The account of the event also occurs in the Middle English verse Brut (ca. 1190–1215) by Layamon, which paraphrased Wace's work. The Anglo-Norman French chronicle Scalacronica (c. 1363) by Thomas Grey also contains an account of the Julian invasion, largely derived from Wace, though the relevant text (in the Roman History section) was never published in past extracts; (Note: And King, Andy, ed. (2005b). Sir Thomas Gray: Scalacronica, 1272-1363 which has been published since Nearing's paper clearly does not fill that lacuna.) the work calls the sword Crochi Amour ("Crooked Love"), though this may be a scribal error.

The Middle Welsh Brut y Brenhinedd (mid-13th century and later manuscripts) also translates the episode, expanded with Welsh-sourced material. Here Nennius is called Nynniaw or Nynnyau (also by various other spellings). (Note: Nynniaw (MS. Dingestow Court; Book of Basingwerk); Nynnyaw (Peniarth 44, Llanstephan 1); Nynnaw (Peniarth 23); Nynhyaw (Red Book of Hergest). Lexicographer Evans gives Nyniaw.) (Note: Technically speaking, Randell's paper is based on the prose tale Cyfranc Lludd a Llefelys; however, the tale occurs as interpolations ("embedded narrative", (Randell 2009)) into the Brut y Brenhinedd in the early manuscripts.) Some versions interpolate the story of Cyfranc Lludd a Llefelys and add a fourth brother named Llefelys, as already noted.

According to the Old Norse translation Breta sögur (Hauksbók copy, early 14th cent.), Nennius dies immediately the same night (Note: Rather than dying of the "head wound a fortnight later", as in Geoffrey.), because the sword had been tainted with poison.

==Modern era==
In the Tudor period Nennius became a patriotic symbol of British independence. In the poetry collection The Mirror for Magistrates Nennius is portrayed as an "inspirational lesson for future British people to defend their country from foreign invasion". In the Parts Added to The Mirror for Magistrates, Nennius gives speech accusing Caesar of cheating by poisoning the sword-tip to deal him a shallow wound ("scarce he perced had the skin") whose venom nevertheless killed him ("my braynes it ranckle in") in fifteen days time.

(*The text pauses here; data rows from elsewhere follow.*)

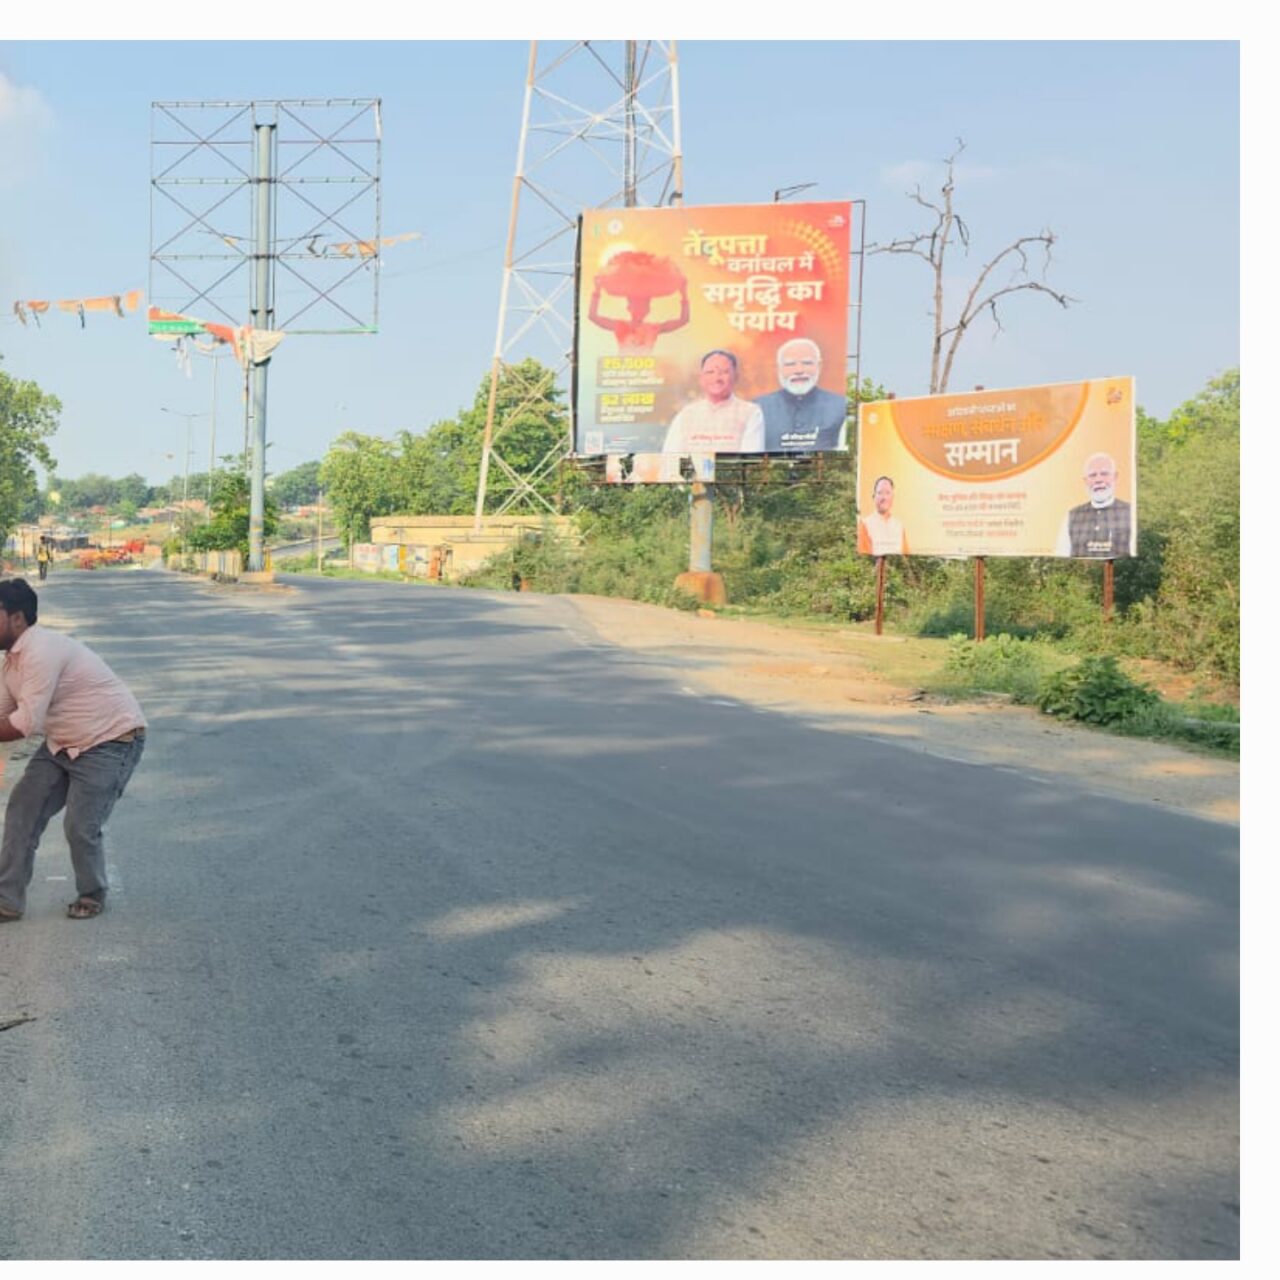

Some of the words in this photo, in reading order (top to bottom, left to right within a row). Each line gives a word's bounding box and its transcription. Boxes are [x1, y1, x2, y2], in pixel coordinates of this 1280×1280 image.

[682, 228, 768, 266] तेंदूपत्ता
[728, 253, 795, 272] वनांचल
[799, 250, 815, 271] में
[702, 275, 782, 309] समृद्धि
[786, 281, 824, 300] का
[727, 306, 798, 331] पर्याय
[943, 438, 1021, 466] सम्मान
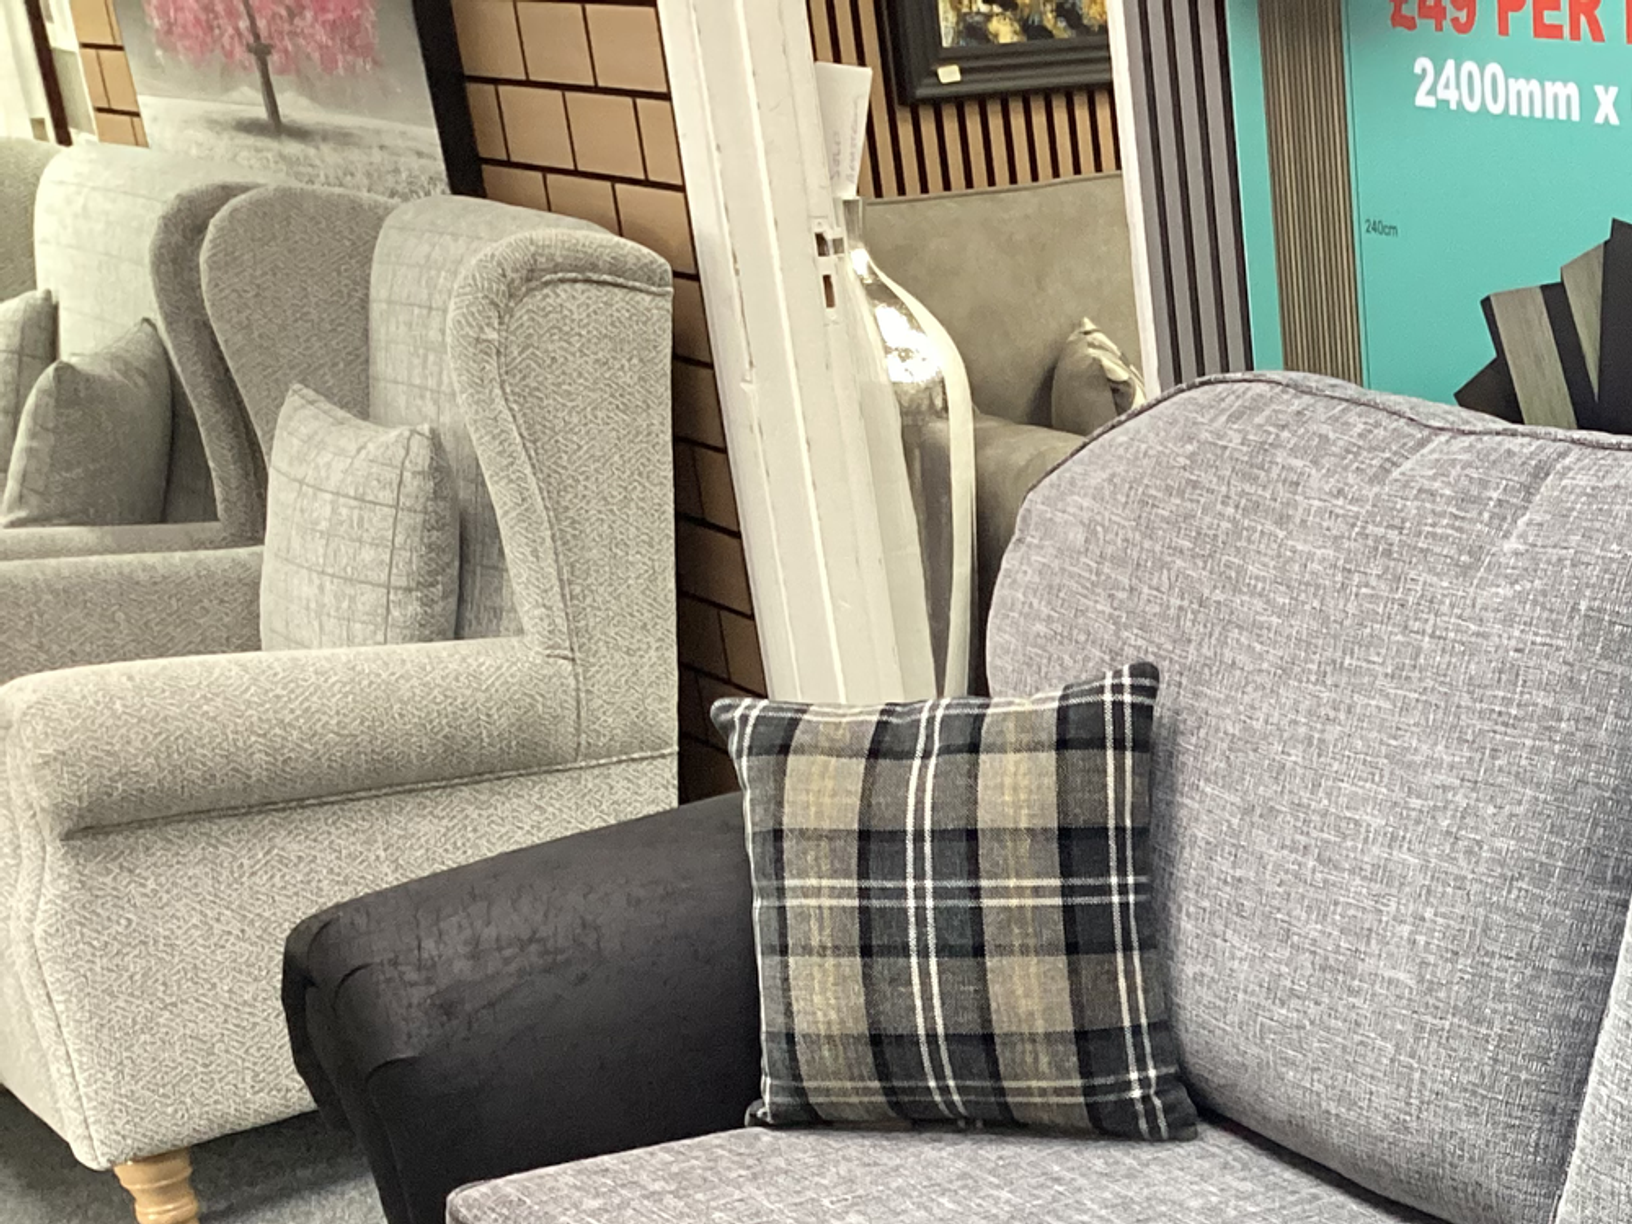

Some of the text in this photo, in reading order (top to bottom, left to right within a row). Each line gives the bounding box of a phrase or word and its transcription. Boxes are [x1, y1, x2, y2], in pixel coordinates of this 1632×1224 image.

[1497, 0, 1605, 43] PER
[1413, 56, 1580, 122] 2400mm
[1594, 83, 1620, 126] x
[1365, 218, 1399, 237] 240cm

Edmund Spenser's Faerie Queene Book II (1590) writes that Julius Caesar in slaying Nennius lost his sword which could still be seen, (Note: Faerie Queene, II.x.9: "was charged heauily / Of hardy Nennius, whom he yet did slay / But lost his sword, yet to be seene this day".), i.e., the sword was being displayed for viewing during the Elizabethan era. The artifact in question plausibly refers to the alleged sword Nennius took from Caesar, kept in the Tower of London, mentioned in the Anonymi Chronicon Godstovianum (15th cent.). (Note: Nearing, citing/quoting from Hearne, Thomas ed. (Oxon., 1716), Guilielmi Roperi Vita D. Thomae Mori equitis aurati, lingua anglicana contexta..: "Nennius frater Cassibulani regis eripuit gladium vel sicam de manu Julii, quae sica in hunc diem custoditur in turri London" (sg. Bb^{v}).)

Nennius also appears in plays in the Jacobean era, notably Jasper Fisher's Fuimus Troes and John Fletcher's Bonduca (c. 1613). In the former he embodies the fighting spirit of the Britons and is given the patriotic opening speech exhorting the people to resist invasion. His funeral games after his fight with Caesar form the climactic point of the play. In the latter he is anachronistically portrayed as a contemporary of Boudica, acting as one of her generals.